-- DATA IN THIS EXERCISE follows --

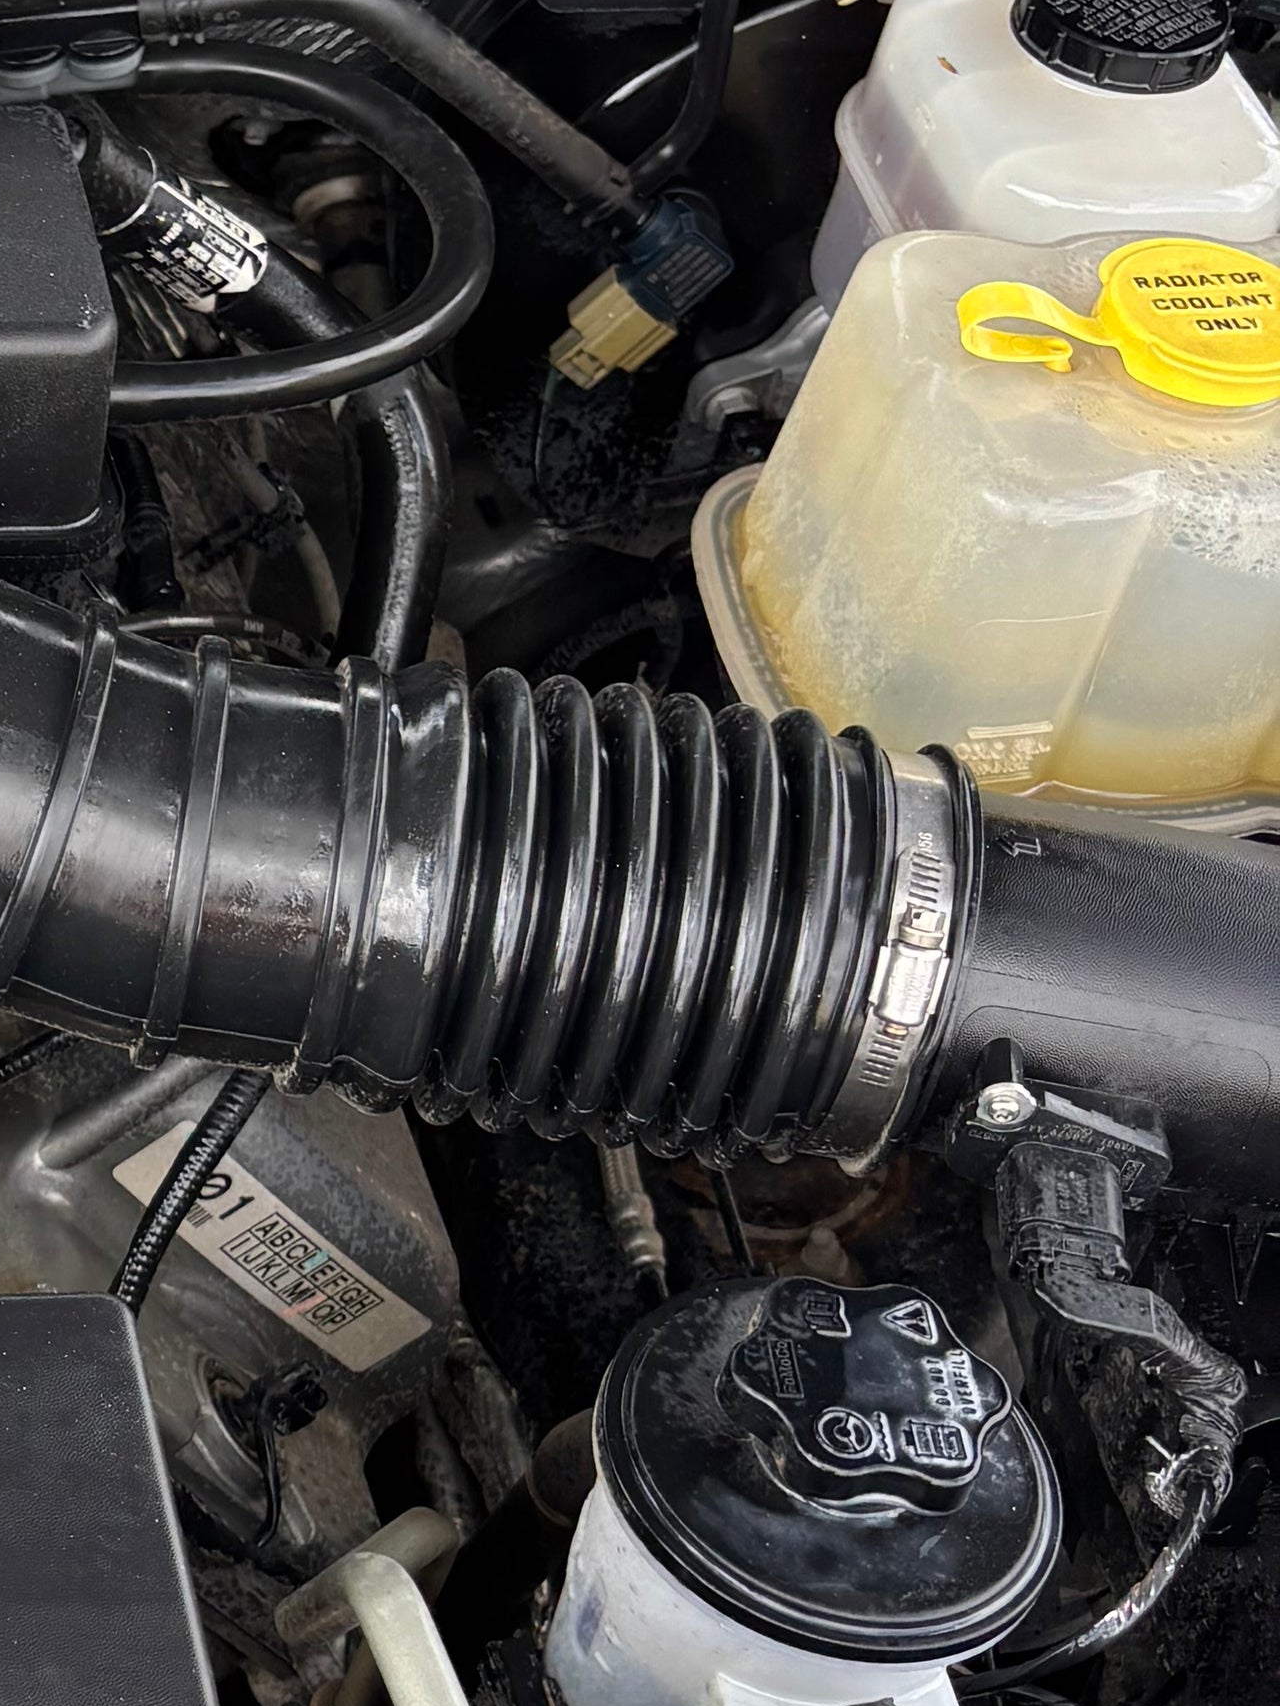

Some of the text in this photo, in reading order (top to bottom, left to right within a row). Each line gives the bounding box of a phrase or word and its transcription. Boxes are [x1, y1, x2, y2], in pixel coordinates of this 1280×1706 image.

[1133, 272, 1263, 289] RADIATOR
[1151, 294, 1272, 310] COOLANT
[1195, 317, 1259, 332] ONLY
[926, 1357, 952, 1408] DO NOT
[949, 1348, 979, 1417] OVERFILL
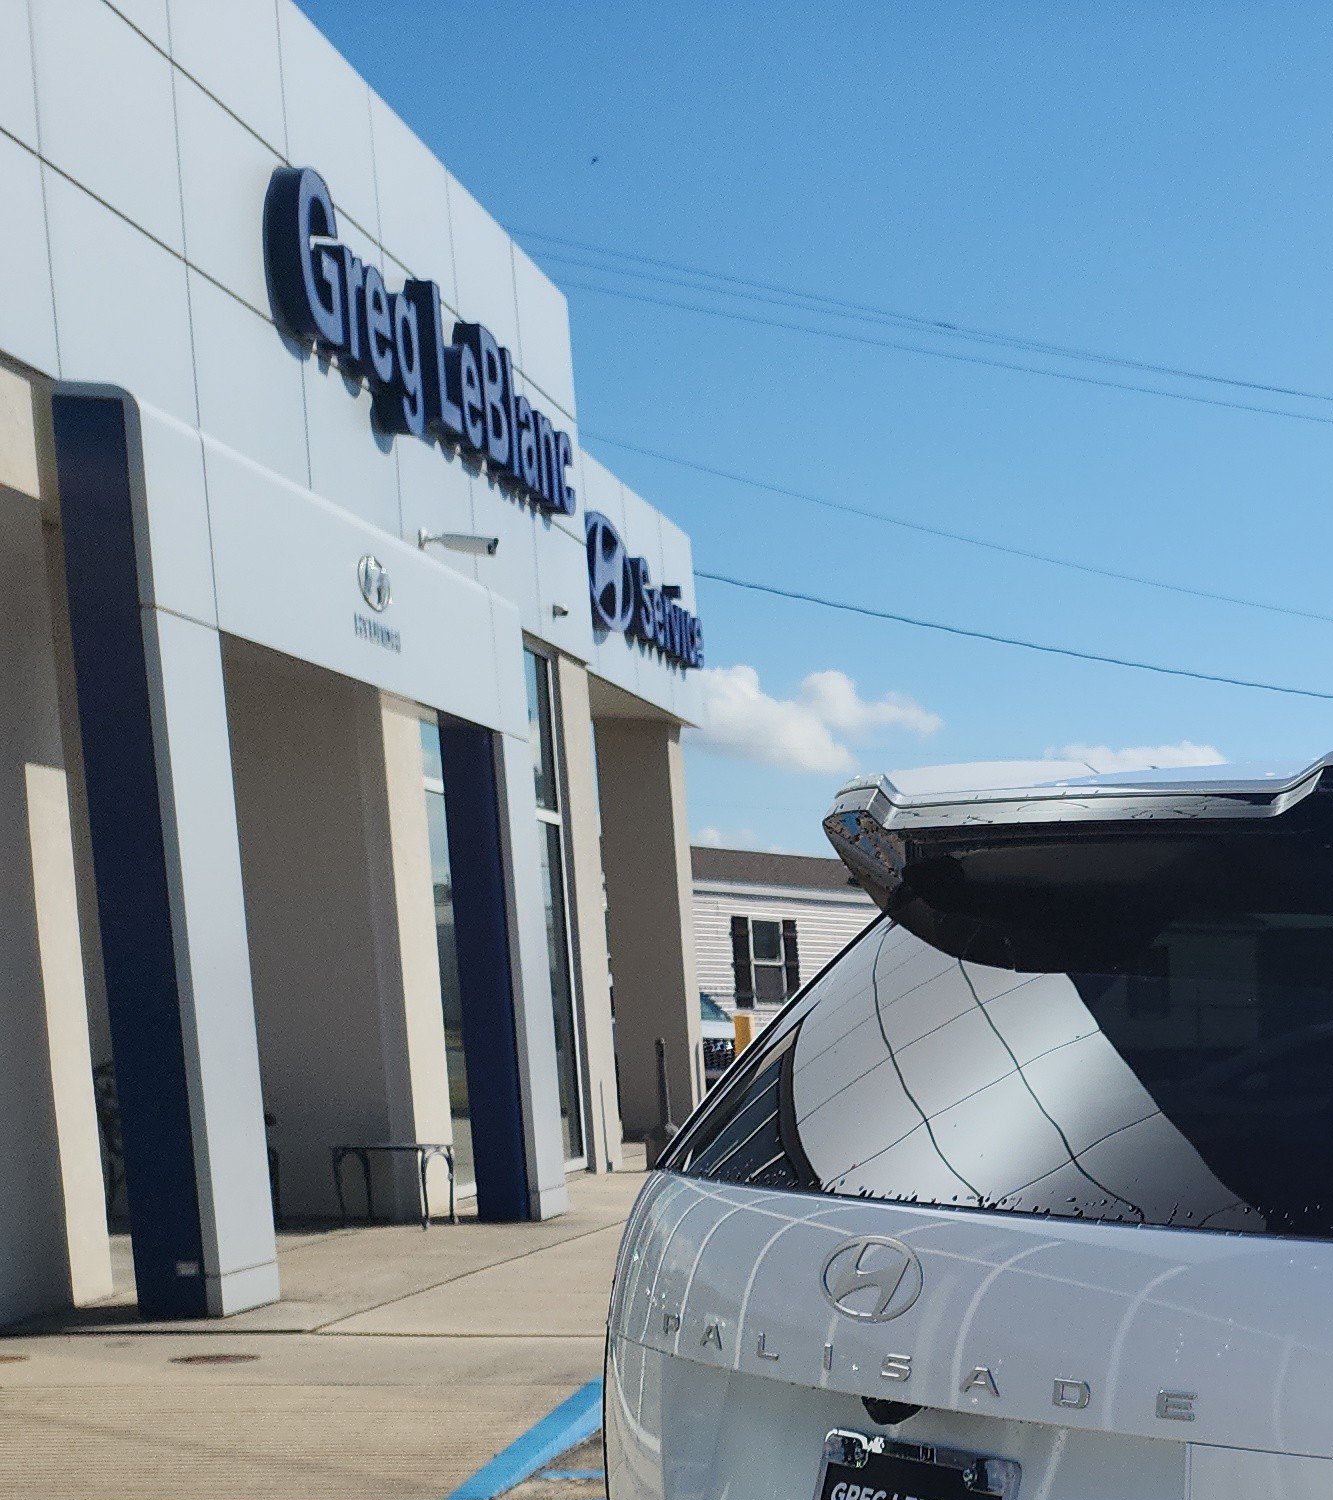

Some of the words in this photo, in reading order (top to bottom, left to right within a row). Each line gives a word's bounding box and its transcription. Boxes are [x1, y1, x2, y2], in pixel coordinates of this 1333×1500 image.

[264, 166, 427, 436] Greg
[405, 279, 576, 516] LeBlanc
[630, 557, 705, 669] Service
[662, 1312, 1198, 1422] PALISADE

-- DATA IN THIS EXERCISE concluded --

Return exactly the lines in the records above, beginning with the one that holds "Some of the words" and ending with the last.

> **YOUR RESPONSE**
Some of the words in this photo, in reading order (top to bottom, left to right within a row). Each line gives a word's bounding box and its transcription. Boxes are [x1, y1, x2, y2], in pixel coordinates of this 1333×1500 image.

[264, 166, 427, 436] Greg
[405, 279, 576, 516] LeBlanc
[630, 557, 705, 669] Service
[662, 1312, 1198, 1422] PALISADE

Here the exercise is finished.